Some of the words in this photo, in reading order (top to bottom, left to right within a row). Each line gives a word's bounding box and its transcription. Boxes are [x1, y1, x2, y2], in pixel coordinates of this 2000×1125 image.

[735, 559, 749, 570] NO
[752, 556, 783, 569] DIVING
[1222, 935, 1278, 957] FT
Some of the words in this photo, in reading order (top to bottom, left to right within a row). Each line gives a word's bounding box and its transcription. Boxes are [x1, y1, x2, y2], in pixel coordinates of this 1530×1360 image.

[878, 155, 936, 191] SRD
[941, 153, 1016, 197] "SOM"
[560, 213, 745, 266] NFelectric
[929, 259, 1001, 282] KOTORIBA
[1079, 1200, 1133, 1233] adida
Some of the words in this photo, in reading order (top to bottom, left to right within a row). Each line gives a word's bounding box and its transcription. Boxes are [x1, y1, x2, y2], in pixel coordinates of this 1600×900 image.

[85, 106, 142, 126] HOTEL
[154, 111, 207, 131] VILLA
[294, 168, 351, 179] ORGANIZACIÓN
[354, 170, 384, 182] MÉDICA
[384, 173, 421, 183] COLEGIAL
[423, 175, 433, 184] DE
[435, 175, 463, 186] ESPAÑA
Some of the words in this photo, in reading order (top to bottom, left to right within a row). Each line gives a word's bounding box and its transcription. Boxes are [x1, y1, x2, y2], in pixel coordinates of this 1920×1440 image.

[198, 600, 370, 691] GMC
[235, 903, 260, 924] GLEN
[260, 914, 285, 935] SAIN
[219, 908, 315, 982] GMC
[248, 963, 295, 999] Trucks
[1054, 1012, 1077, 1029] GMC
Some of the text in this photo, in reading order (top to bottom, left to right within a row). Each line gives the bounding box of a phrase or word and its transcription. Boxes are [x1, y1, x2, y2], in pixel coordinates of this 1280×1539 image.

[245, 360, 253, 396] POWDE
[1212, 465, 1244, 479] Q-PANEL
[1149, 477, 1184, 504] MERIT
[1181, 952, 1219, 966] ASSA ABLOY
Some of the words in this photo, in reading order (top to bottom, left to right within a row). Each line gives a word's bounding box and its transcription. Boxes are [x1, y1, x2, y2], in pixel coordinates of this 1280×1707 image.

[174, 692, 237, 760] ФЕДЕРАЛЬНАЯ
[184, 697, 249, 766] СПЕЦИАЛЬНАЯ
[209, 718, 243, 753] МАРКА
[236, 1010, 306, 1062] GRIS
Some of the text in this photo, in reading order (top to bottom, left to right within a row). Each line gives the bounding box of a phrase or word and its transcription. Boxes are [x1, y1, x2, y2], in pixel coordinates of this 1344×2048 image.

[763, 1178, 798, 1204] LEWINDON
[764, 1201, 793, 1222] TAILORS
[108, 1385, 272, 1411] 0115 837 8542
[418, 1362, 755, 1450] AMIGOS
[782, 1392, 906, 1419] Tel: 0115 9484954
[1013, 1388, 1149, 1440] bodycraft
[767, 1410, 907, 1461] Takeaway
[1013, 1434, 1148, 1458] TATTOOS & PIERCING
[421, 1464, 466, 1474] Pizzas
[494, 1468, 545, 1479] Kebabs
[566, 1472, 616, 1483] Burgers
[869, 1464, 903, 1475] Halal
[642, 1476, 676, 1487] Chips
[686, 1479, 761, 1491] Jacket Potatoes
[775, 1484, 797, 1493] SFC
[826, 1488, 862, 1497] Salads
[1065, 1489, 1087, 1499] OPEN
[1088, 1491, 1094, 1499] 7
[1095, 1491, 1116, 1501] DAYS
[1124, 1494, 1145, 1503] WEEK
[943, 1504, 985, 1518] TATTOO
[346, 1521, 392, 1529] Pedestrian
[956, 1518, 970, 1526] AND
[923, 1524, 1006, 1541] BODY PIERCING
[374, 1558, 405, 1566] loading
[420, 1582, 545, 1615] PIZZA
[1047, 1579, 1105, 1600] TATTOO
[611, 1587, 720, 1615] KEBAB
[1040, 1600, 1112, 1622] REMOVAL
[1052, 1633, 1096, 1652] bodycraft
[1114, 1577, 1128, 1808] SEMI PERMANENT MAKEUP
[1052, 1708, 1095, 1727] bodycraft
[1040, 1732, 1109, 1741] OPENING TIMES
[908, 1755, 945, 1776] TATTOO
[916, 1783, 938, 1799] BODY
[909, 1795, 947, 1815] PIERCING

--- --- ---

**What the task requires:** Every record above should be written out exactly.

**Reply:**
Some of the words in this photo, in reading order (top to bottom, left to right within a row). Each line gives a word's bounding box and its transcription. Boxes are [x1, y1, x2, y2], in pixel coordinates of this 2000×1125 image.

[735, 559, 749, 570] NO
[752, 556, 783, 569] DIVING
[1222, 935, 1278, 957] FT
Some of the words in this photo, in reading order (top to bottom, left to right within a row). Each line gives a word's bounding box and its transcription. Boxes are [x1, y1, x2, y2], in pixel coordinates of this 1530×1360 image.

[878, 155, 936, 191] SRD
[941, 153, 1016, 197] "SOM"
[560, 213, 745, 266] NFelectric
[929, 259, 1001, 282] KOTORIBA
[1079, 1200, 1133, 1233] adida
Some of the words in this photo, in reading order (top to bottom, left to right within a row). Each line gives a word's bounding box and its transcription. Boxes are [x1, y1, x2, y2], in pixel coordinates of this 1600×900 image.

[85, 106, 142, 126] HOTEL
[154, 111, 207, 131] VILLA
[294, 168, 351, 179] ORGANIZACIÓN
[354, 170, 384, 182] MÉDICA
[384, 173, 421, 183] COLEGIAL
[423, 175, 433, 184] DE
[435, 175, 463, 186] ESPAÑA
Some of the words in this photo, in reading order (top to bottom, left to right within a row). Each line gives a word's bounding box and its transcription. Boxes are [x1, y1, x2, y2], in pixel coordinates of this 1920×1440 image.

[198, 600, 370, 691] GMC
[235, 903, 260, 924] GLEN
[260, 914, 285, 935] SAIN
[219, 908, 315, 982] GMC
[248, 963, 295, 999] Trucks
[1054, 1012, 1077, 1029] GMC
Some of the text in this photo, in reading order (top to bottom, left to right within a row). Each line gives the bounding box of a phrase or word and its transcription. Boxes are [x1, y1, x2, y2], in pixel coordinates of this 1280×1539 image.

[245, 360, 253, 396] POWDE
[1212, 465, 1244, 479] Q-PANEL
[1149, 477, 1184, 504] MERIT
[1181, 952, 1219, 966] ASSA ABLOY
Some of the words in this photo, in reading order (top to bottom, left to right within a row). Each line gives a word's bounding box and its transcription. Boxes are [x1, y1, x2, y2], in pixel coordinates of this 1280×1707 image.

[174, 692, 237, 760] ФЕДЕРАЛЬНАЯ
[184, 697, 249, 766] СПЕЦИАЛЬНАЯ
[209, 718, 243, 753] МАРКА
[236, 1010, 306, 1062] GRIS
Some of the text in this photo, in reading order (top to bottom, left to right within a row). Each line gives the bounding box of a phrase or word and its transcription. Boxes are [x1, y1, x2, y2], in pixel coordinates of this 1344×2048 image.

[763, 1178, 798, 1204] LEWINDON
[764, 1201, 793, 1222] TAILORS
[108, 1385, 272, 1411] 0115 837 8542
[418, 1362, 755, 1450] AMIGOS
[782, 1392, 906, 1419] Tel: 0115 9484954
[1013, 1388, 1149, 1440] bodycraft
[767, 1410, 907, 1461] Takeaway
[1013, 1434, 1148, 1458] TATTOOS & PIERCING
[421, 1464, 466, 1474] Pizzas
[494, 1468, 545, 1479] Kebabs
[566, 1472, 616, 1483] Burgers
[869, 1464, 903, 1475] Halal
[642, 1476, 676, 1487] Chips
[686, 1479, 761, 1491] Jacket Potatoes
[775, 1484, 797, 1493] SFC
[826, 1488, 862, 1497] Salads
[1065, 1489, 1087, 1499] OPEN
[1088, 1491, 1094, 1499] 7
[1095, 1491, 1116, 1501] DAYS
[1124, 1494, 1145, 1503] WEEK
[943, 1504, 985, 1518] TATTOO
[346, 1521, 392, 1529] Pedestrian
[956, 1518, 970, 1526] AND
[923, 1524, 1006, 1541] BODY PIERCING
[374, 1558, 405, 1566] loading
[420, 1582, 545, 1615] PIZZA
[1047, 1579, 1105, 1600] TATTOO
[611, 1587, 720, 1615] KEBAB
[1040, 1600, 1112, 1622] REMOVAL
[1052, 1633, 1096, 1652] bodycraft
[1114, 1577, 1128, 1808] SEMI PERMANENT MAKEUP
[1052, 1708, 1095, 1727] bodycraft
[1040, 1732, 1109, 1741] OPENING TIMES
[908, 1755, 945, 1776] TATTOO
[916, 1783, 938, 1799] BODY
[909, 1795, 947, 1815] PIERCING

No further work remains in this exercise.